*Task instructions*
Reproduce, without alteration, every line of the data; exclude the images.

···

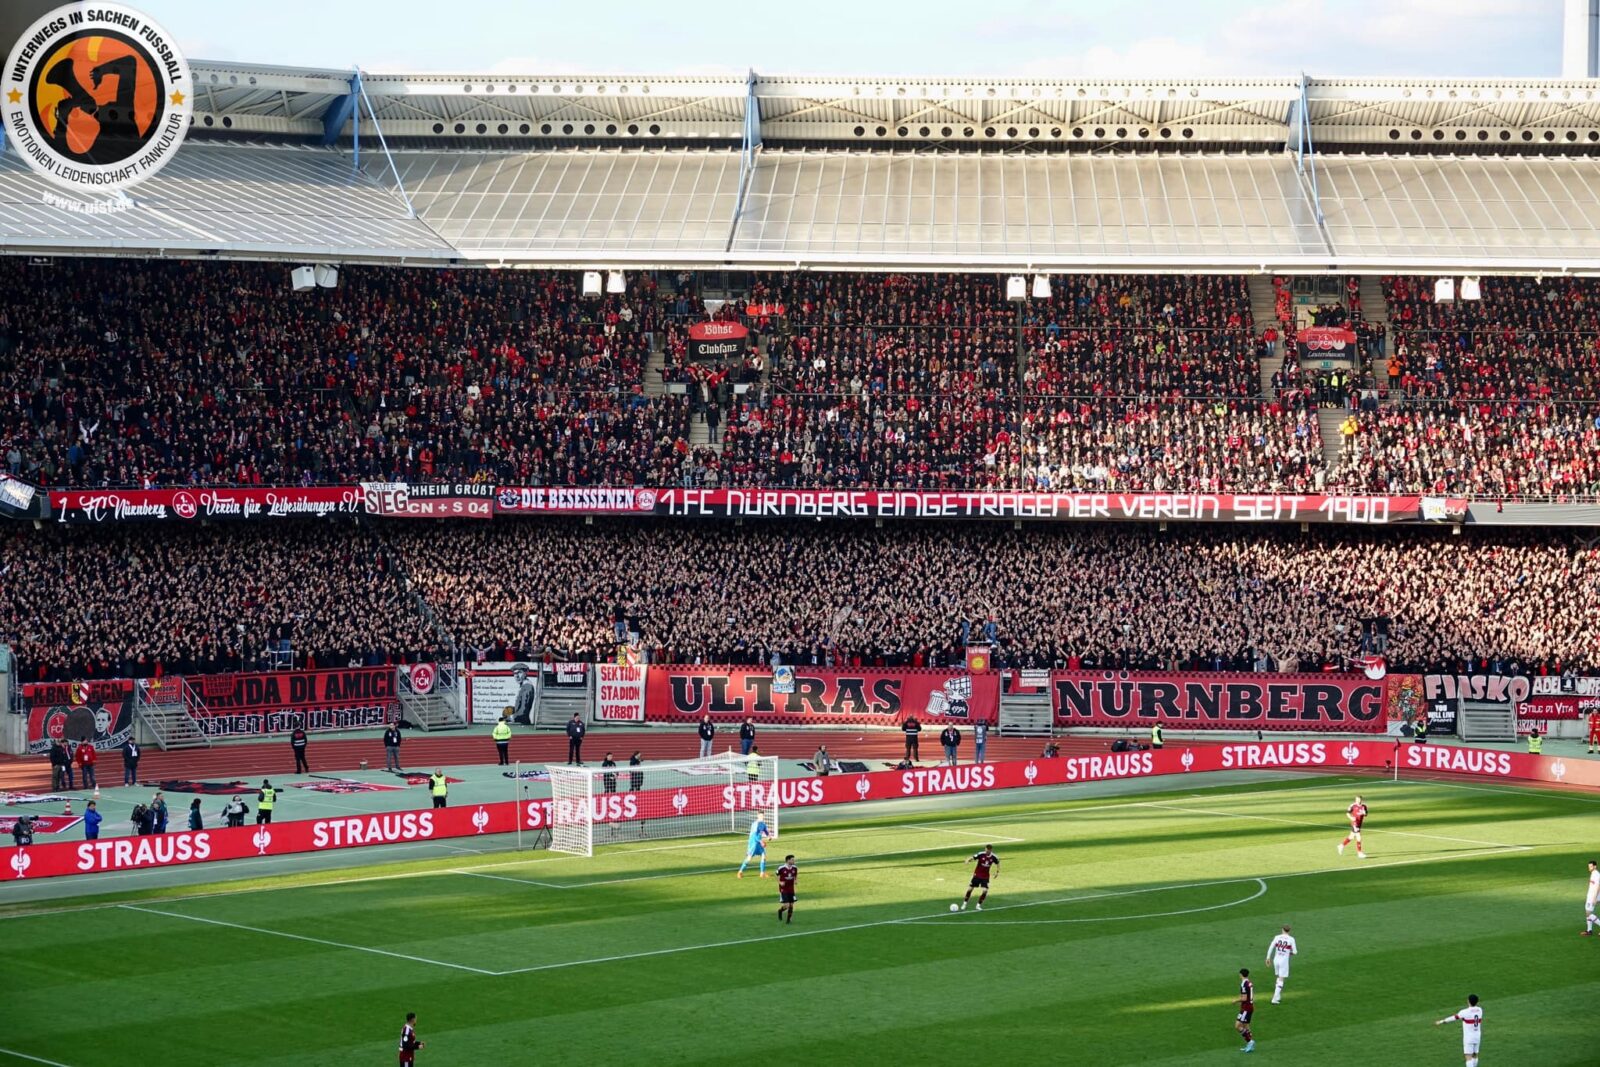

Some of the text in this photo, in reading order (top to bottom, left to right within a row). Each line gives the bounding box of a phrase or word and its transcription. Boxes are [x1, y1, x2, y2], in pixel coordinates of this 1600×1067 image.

[176, 503, 195, 513] FCN
[200, 491, 241, 516] Verein
[244, 497, 261, 518] für
[266, 493, 335, 516] Leibesübungen
[365, 490, 408, 514] SIEG
[453, 502, 462, 512] S
[468, 502, 489, 514] 04
[521, 488, 635, 509] DIE BESESSENEN
[726, 490, 869, 516] NÜRNBERG
[1119, 495, 1219, 519] VEREIN
[1233, 495, 1306, 521] SEIT
[1318, 496, 1389, 523] 1900
[289, 675, 316, 702] DI
[325, 669, 396, 700] AMICI
[415, 677, 430, 686] FCN
[600, 666, 641, 681] SEKTION
[601, 686, 640, 700] STADION
[669, 675, 902, 716] ULTRAS
[1055, 671, 1384, 722] NÜRNBERG
[1424, 674, 1530, 702] FIASKO
[601, 705, 640, 719] VERBOT
[1555, 702, 1574, 715] VITA
[1066, 753, 1153, 780] STRAUSS
[1221, 743, 1326, 767] STRAUSS
[1407, 745, 1511, 774] STRAUSS
[902, 765, 995, 795] STRAUSS
[722, 779, 823, 810] STRAUSS
[527, 794, 637, 826] STRAUSS
[313, 812, 433, 847] STRAUSS
[77, 832, 211, 870] STRAUSS
[1277, 940, 1288, 952] 22

···

*Expected output*
Some of the text in this photo, in reading order (top to bottom, left to right within a row). Each line gives the bounding box of a phrase or word and its transcription. Boxes are [x1, y1, x2, y2], in pixel coordinates of this 1600×1067 image.

[176, 503, 195, 513] FCN
[200, 491, 241, 516] Verein
[244, 497, 261, 518] für
[266, 493, 335, 516] Leibesübungen
[365, 490, 408, 514] SIEG
[453, 502, 462, 512] S
[468, 502, 489, 514] 04
[521, 488, 635, 509] DIE BESESSENEN
[726, 490, 869, 516] NÜRNBERG
[1119, 495, 1219, 519] VEREIN
[1233, 495, 1306, 521] SEIT
[1318, 496, 1389, 523] 1900
[289, 675, 316, 702] DI
[325, 669, 396, 700] AMICI
[415, 677, 430, 686] FCN
[600, 666, 641, 681] SEKTION
[601, 686, 640, 700] STADION
[669, 675, 902, 716] ULTRAS
[1055, 671, 1384, 722] NÜRNBERG
[1424, 674, 1530, 702] FIASKO
[601, 705, 640, 719] VERBOT
[1555, 702, 1574, 715] VITA
[1066, 753, 1153, 780] STRAUSS
[1221, 743, 1326, 767] STRAUSS
[1407, 745, 1511, 774] STRAUSS
[902, 765, 995, 795] STRAUSS
[722, 779, 823, 810] STRAUSS
[527, 794, 637, 826] STRAUSS
[313, 812, 433, 847] STRAUSS
[77, 832, 211, 870] STRAUSS
[1277, 940, 1288, 952] 22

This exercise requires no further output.